Cassoulet may just be the ultimate winter comfort food. From the way the word rolls off the tongue, to the supple mouthfeel, the subtle, warm flavours, and the nourished, soporific feeling you have after consuming it… it’s the culinary equivalent of a down duvet cloaked in silk.
Even at its most stripped-down, cassoulet is a labour of love. The one we made for New Year’s Eve was perhaps more labourious and more loved than most. Hell, we did everything but grow the beans and raise the pigs ourselves.
The work commenced about 10 days ahead of time, when the pork belly began to transform itself into bacon, along the general lines of the recipe I blogged last fall. This time, I went with a less assertive treatment, omitting the maple and the smoking. I wanted the flavour of the beans in the cassoulet to be more prominent than that of the meaty garnishes.

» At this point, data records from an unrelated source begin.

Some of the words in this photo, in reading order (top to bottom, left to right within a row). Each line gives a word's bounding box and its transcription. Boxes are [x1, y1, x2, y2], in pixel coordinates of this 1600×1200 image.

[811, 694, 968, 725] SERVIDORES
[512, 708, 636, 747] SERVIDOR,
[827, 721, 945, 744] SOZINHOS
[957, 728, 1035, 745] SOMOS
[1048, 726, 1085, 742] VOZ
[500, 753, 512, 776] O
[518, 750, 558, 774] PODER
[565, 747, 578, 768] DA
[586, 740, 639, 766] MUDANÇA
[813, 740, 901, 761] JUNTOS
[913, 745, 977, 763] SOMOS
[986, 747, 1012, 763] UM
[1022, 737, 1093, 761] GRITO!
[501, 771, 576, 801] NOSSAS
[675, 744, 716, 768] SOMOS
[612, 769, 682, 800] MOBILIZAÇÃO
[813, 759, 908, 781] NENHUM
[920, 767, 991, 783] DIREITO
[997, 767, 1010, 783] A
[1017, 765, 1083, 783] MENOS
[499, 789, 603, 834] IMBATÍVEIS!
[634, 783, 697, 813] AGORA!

The duck confit came next. Around the same time, because I didn’t have enough to do, I began the 2-day process of making Thomas Keller’s veal stock from The French Laundry Cookbook. I don’t intend to make a habit of this, I just felt the need to do the “uber-stock” for the first time in my life. In short, here’s how this insanity unfolds.
- Start with 10 lbs of veal bones and a stock pot that can hold about 16 quarts. I had to use 2 pots.

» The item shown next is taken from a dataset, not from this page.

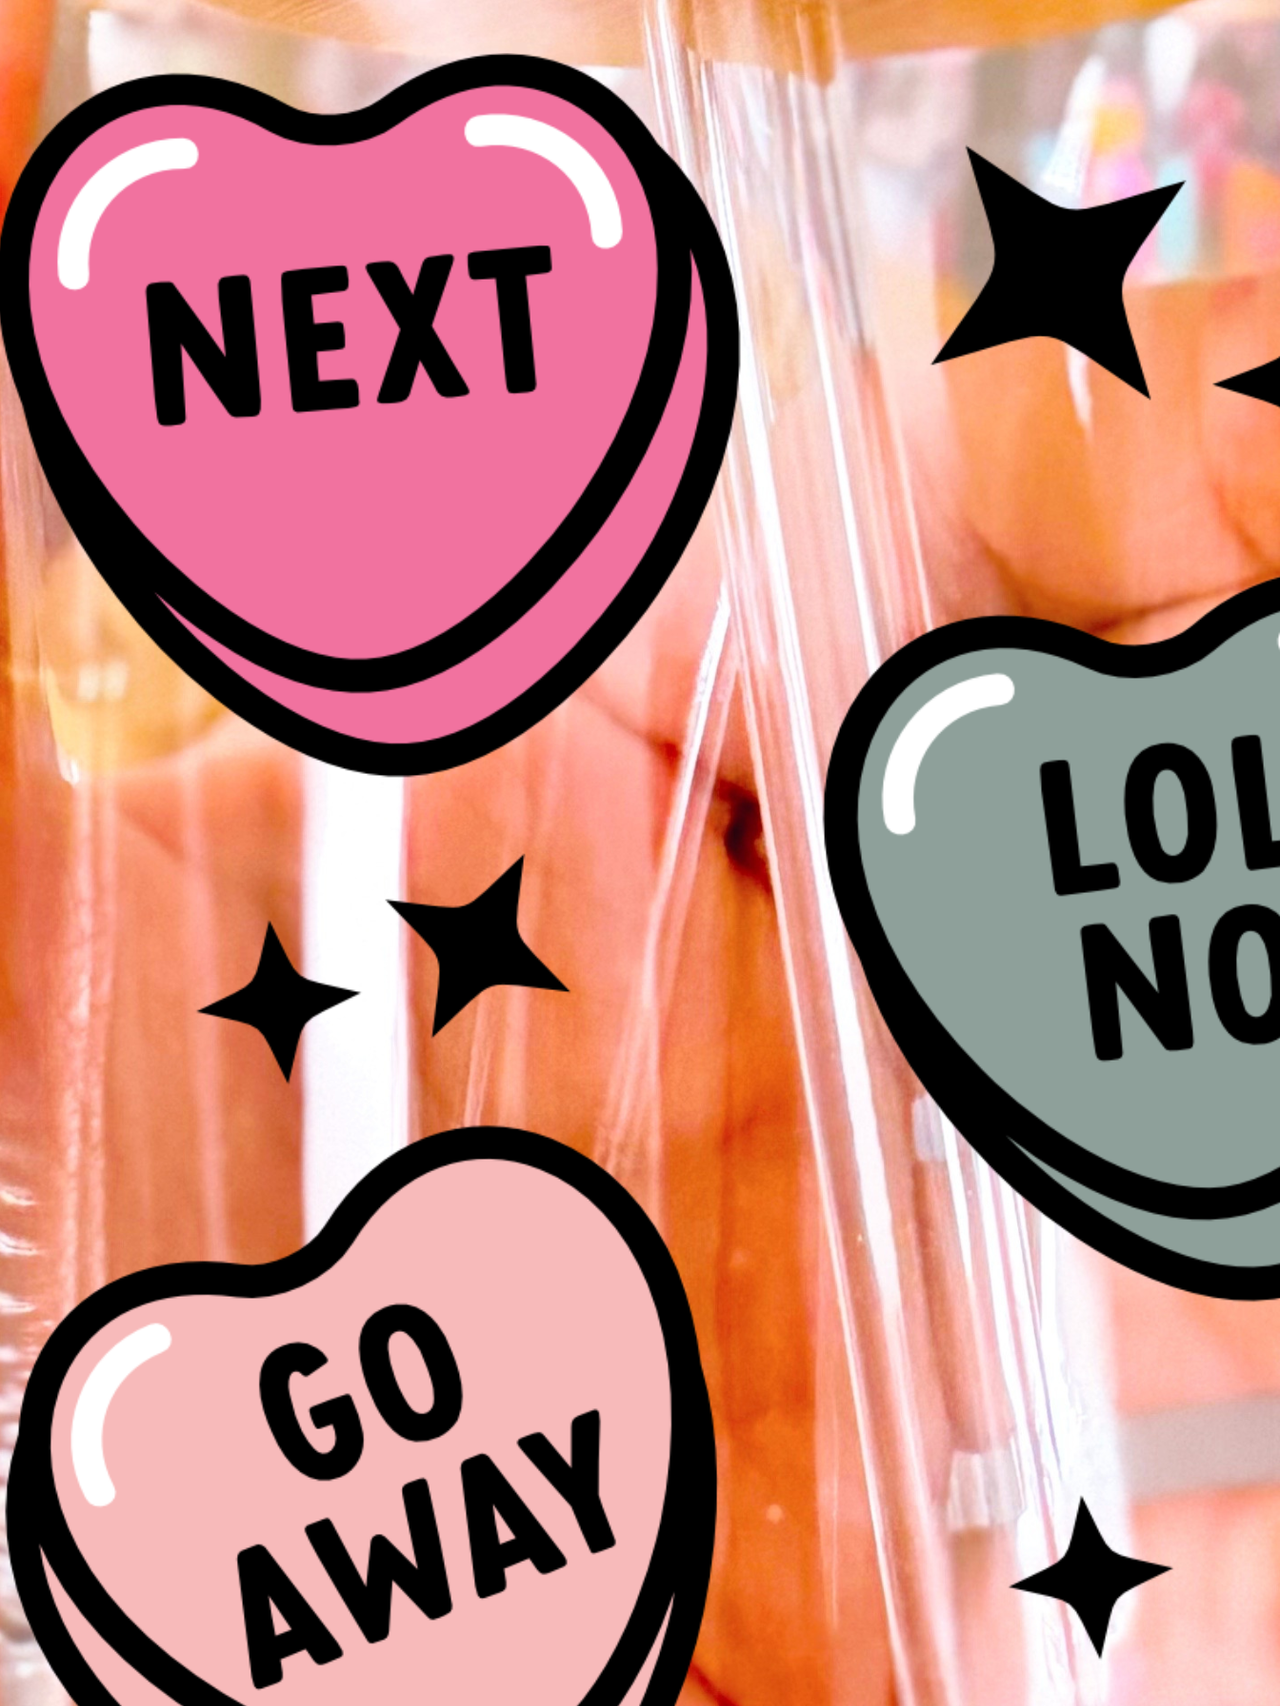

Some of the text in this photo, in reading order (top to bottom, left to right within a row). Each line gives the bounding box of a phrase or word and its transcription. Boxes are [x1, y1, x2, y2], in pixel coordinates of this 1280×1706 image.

[145, 245, 553, 426] NEXT
[259, 1304, 463, 1481] GO
[237, 1409, 616, 1690] AWAY

- Slowly, slowly, bring the bones up to a bare simmer in your stock cauldron, skimming all the time.
- Remove them from the pot, and immediately rinse them in clean, warm water to remove impurities.
- Wash the stock pot, return the bones to it, fill it with cold water, and return it to the stove.

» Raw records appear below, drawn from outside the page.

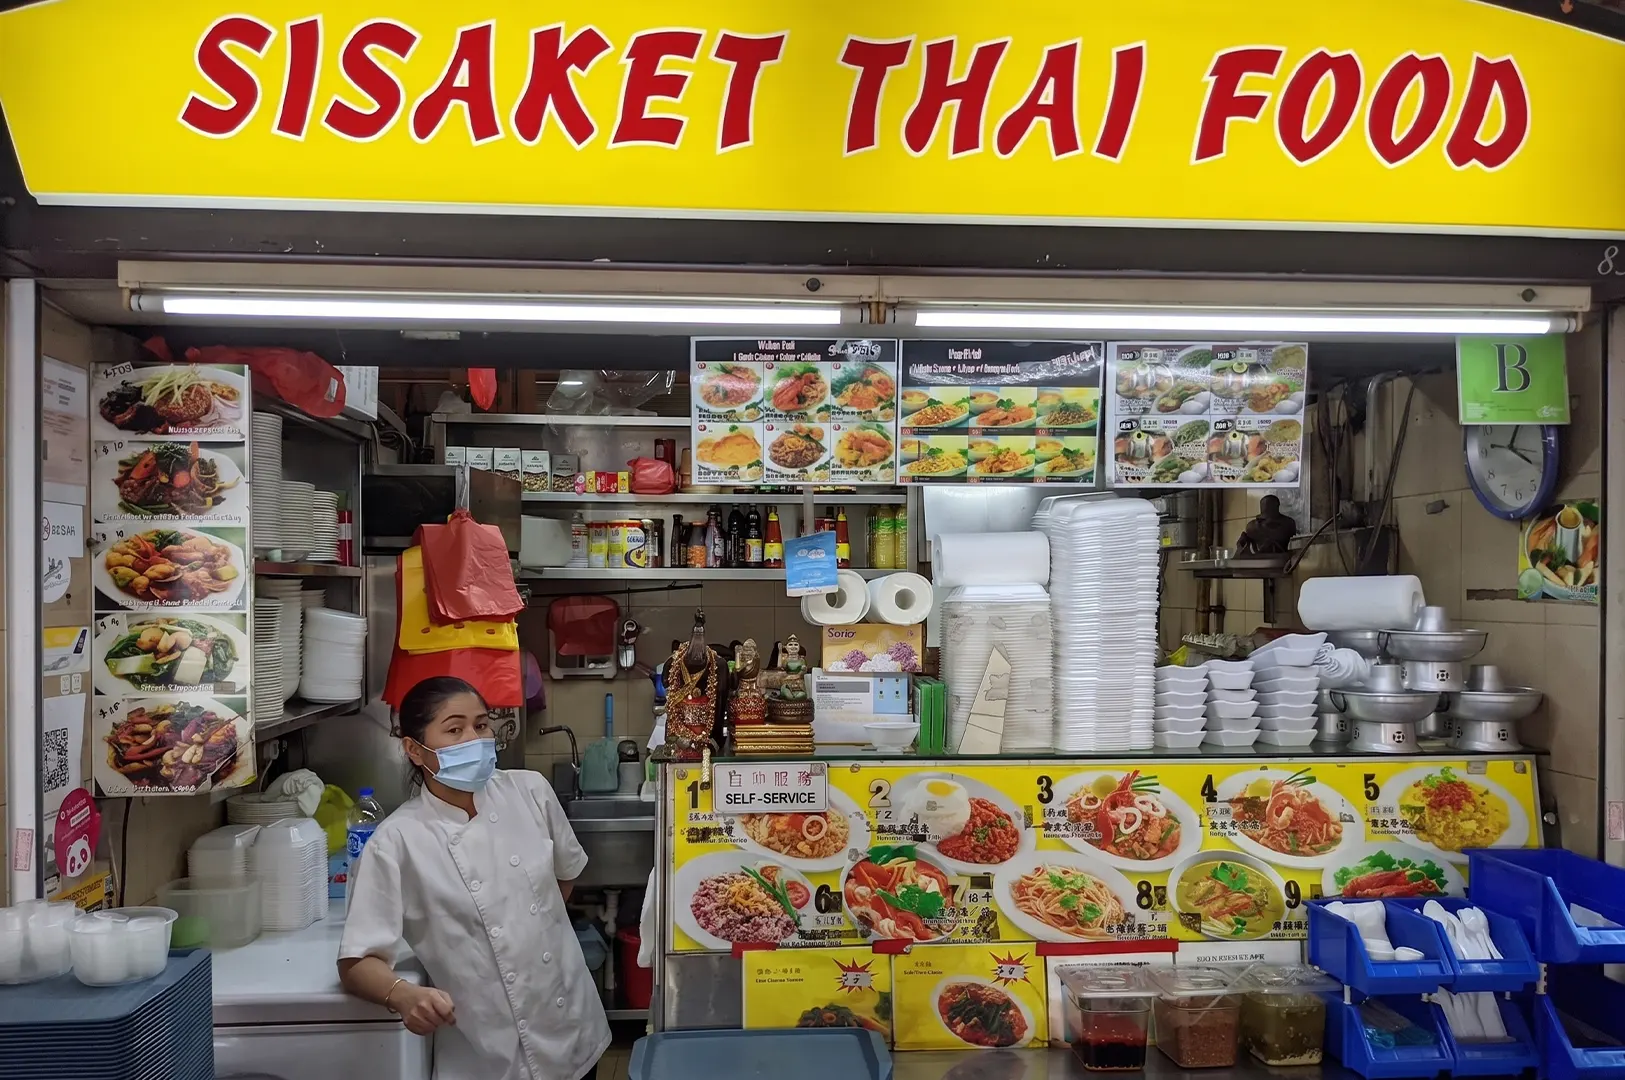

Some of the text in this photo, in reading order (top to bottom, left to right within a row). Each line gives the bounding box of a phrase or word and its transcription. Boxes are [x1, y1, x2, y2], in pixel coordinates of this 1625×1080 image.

[178, 14, 1531, 171] SISAKET THAI FOOD
[1597, 245, 1625, 275] 8
[1492, 343, 1531, 392] B
[687, 780, 699, 809] 1
[725, 792, 816, 805] SELF-SERVICE
[868, 778, 892, 808] 2
[1036, 775, 1054, 804] 3
[1200, 774, 1218, 803] 4
[1363, 773, 1380, 801] 5
[814, 884, 831, 914] 6
[1136, 880, 1153, 910] 8
[1284, 880, 1301, 910] 9

- Again, with agonizing slowness, return the water to a simmer, doing what? Yeah: skimming, skimming, skimming. Always.
- After a few hours, add your aromatics: onion, leek, fresh tomato, a surprising amount of tomato paste, thyme, bay leaves, parsley, garlic, and carrot. Skim, skim, skim.
- Ladle / gently pour the liquid – which is now triumphantly dubbed “Veal #1” – into a new vessel, keeping the solids in the pot. Quickly bring the liquid to fridge-ready temperature in a sink-full of ice-water (50% ice). If you’re not continuing to make the stock the same day (you probably won’t), do likewise with the solids.
- Next: fill the stock pot – which still contains the solids – with water once more, and again, bring it to a simmer. Did I mention that you need to skim?
- Simmer for approximately ever, then (once again assuming you aren’t continuing the process the same day) bring this liquid – now christened “Veal #2” – down to fridge temp. You can now safely discard the solids.
- Finally, combine Veal #1 and Veal #2 in a clean pot. Simmer ’till the cows come home (maybe they’re looking for the veal?) skimming…skimming… for many hours.
- According to Keller, you should reduce this to 2 quarts. I lost my nerve and my patience around 3.5 quarts. “Good enough!” I shouted.
That is Veal #1 being chilled. The final product was essentially fat-free.
Was it worth it? Hard to say. It is a helluva stock. Maybe a bit tomato-y for me. It’s intense in a Barry White kind of way: it’s dark, smooth, and all about the bass notes.
Where were we? Oh yeah – that was a sub-recipe for inclusion in the cassoulet! Onward… to make sausage. Chef C and I chose a mildly flavoured Toulouse-style French garlic sausage. We followed the procedure I’ve blogged about before, and we used this recipe from Len Poli – I can’t say enough good things about that recipe – it was just perfect.
We made a mess by overstuffing the sausages (maybe the casings had become a bit brittle over time?) but they remained coherent enough to survive being browned in a pan and sliced into the cassoulet.
So much for the sub-recipes! On to the main event. We went more or less with Anthony Bourdain’s recipe from his Les Halles Cookbook. Our adaptations: We used the unsmoked, roasted bacon in place of fresh pork belly, and some excellent quality Italian cannellini beans in place of the impossible-to-find-except-by-mail-order Tarbais beans. We used duck fat instead of pureed pork rind. We didn’t carefully layer the ingredients just-so. And we compressed Bourdain’s “day 2” and “day 3” together into one day.
At last, Chef C combined the beans, veal stock, bacon, sausage, and duck confit in an enamelled cast iron pot and put it in the oven, uncovered, to burble away happily for a couple of hours. We had to bump the temperature up to 375’F to get the burbling happening. Finally, the cassoulet developed its characteristic crust, and was ready to serve. It was received enthusiastically, and finished with blissful sighs.